I went home with the questions in my mind and started looking for answers. I read many writings, research papers to have an idea on this. I read about the working principle of a roller coaster and also came across various laws responsible for determining velocity. But none could give the accurate answers to the questions I had in mind, the minimum velocity and the structure.
This IA is about finding answers to the same.
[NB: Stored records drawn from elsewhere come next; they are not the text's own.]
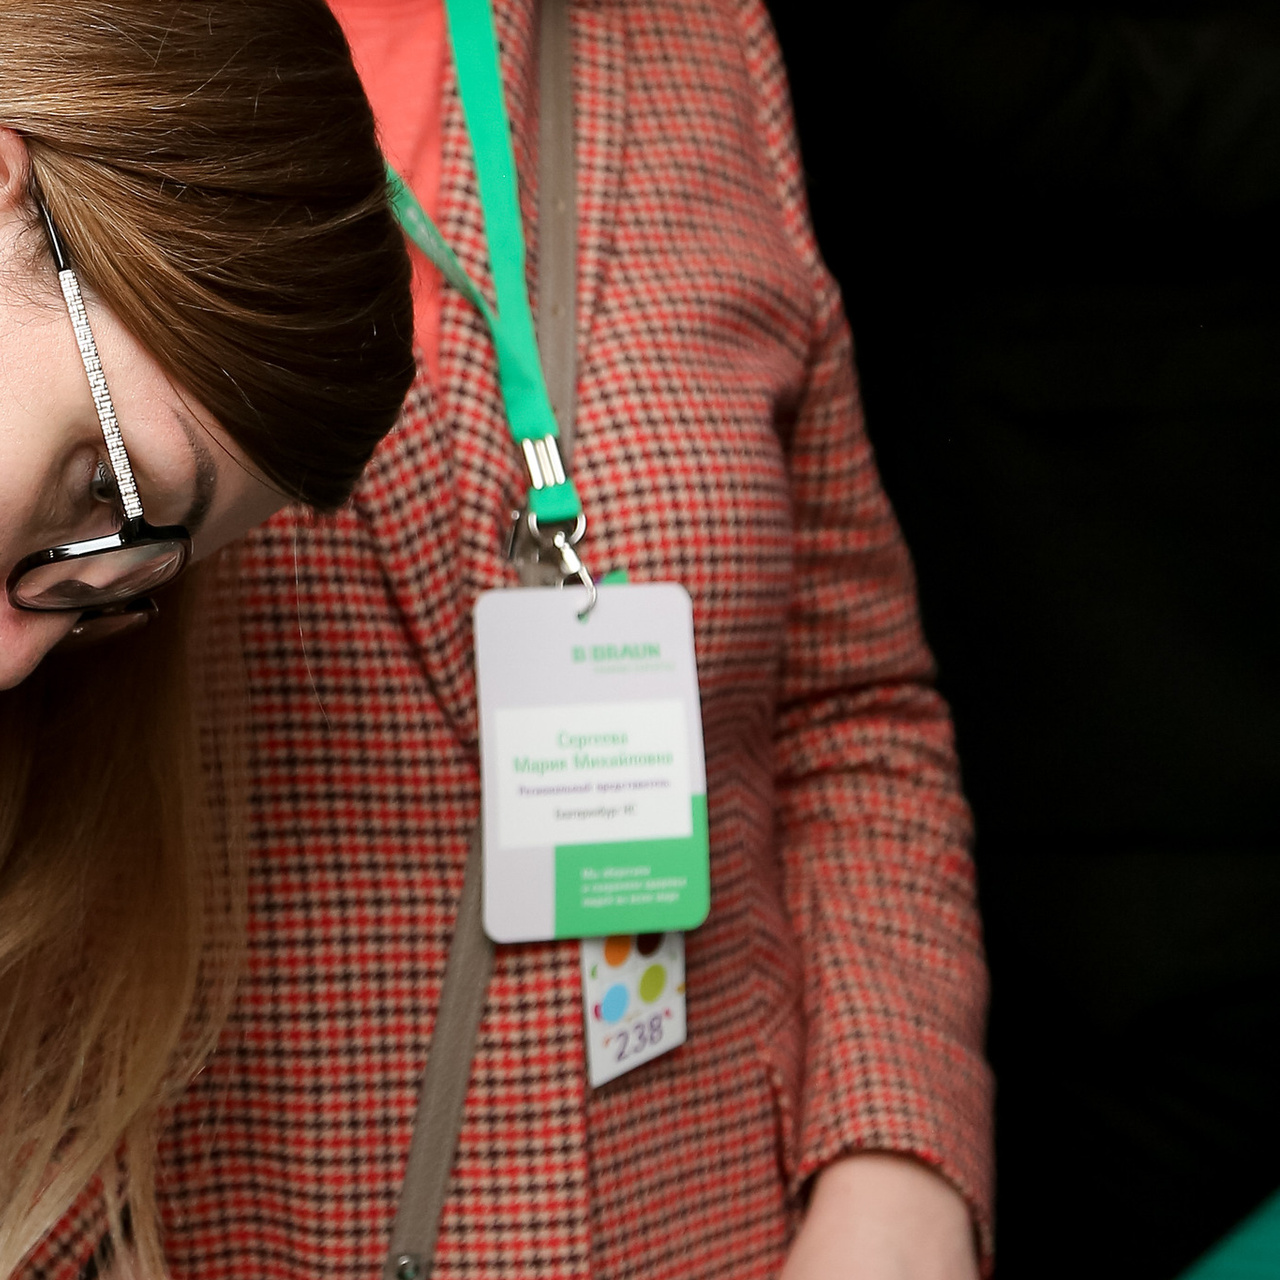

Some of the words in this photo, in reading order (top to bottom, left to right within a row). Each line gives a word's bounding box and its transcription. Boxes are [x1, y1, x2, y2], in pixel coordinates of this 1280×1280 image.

[591, 642, 661, 661] BRAUN
[557, 730, 628, 749] Сергеева
[513, 755, 568, 776] Мария
[572, 751, 674, 770] Михайловна
[615, 1013, 663, 1062] 238
There are two objectives in this IA. Firstly, the minimum velocity which is required by a roller coaster at the top of a small elevation to reach the highest point of the roller coaster ride just after a depression as mentioned in Figure 1 should be found. Secondly, a model of a roller coaster ride will be prepared based on the guidelines of several authorities provided that, the roller coaster ride will offer maximum thrill. In this IA, I will be designing a part of the track which will offer maximum thrill just after the highest point of the roller coaster ride as mentioned in Figure 1. These are the main objectives of this IA.
To what extent does the shape of track responsible in offering a thrilling experience in a roller coaster ride and also determination of velocity at a certain point of a roller coaster to be able to reach the highest point of the roller coaster ride.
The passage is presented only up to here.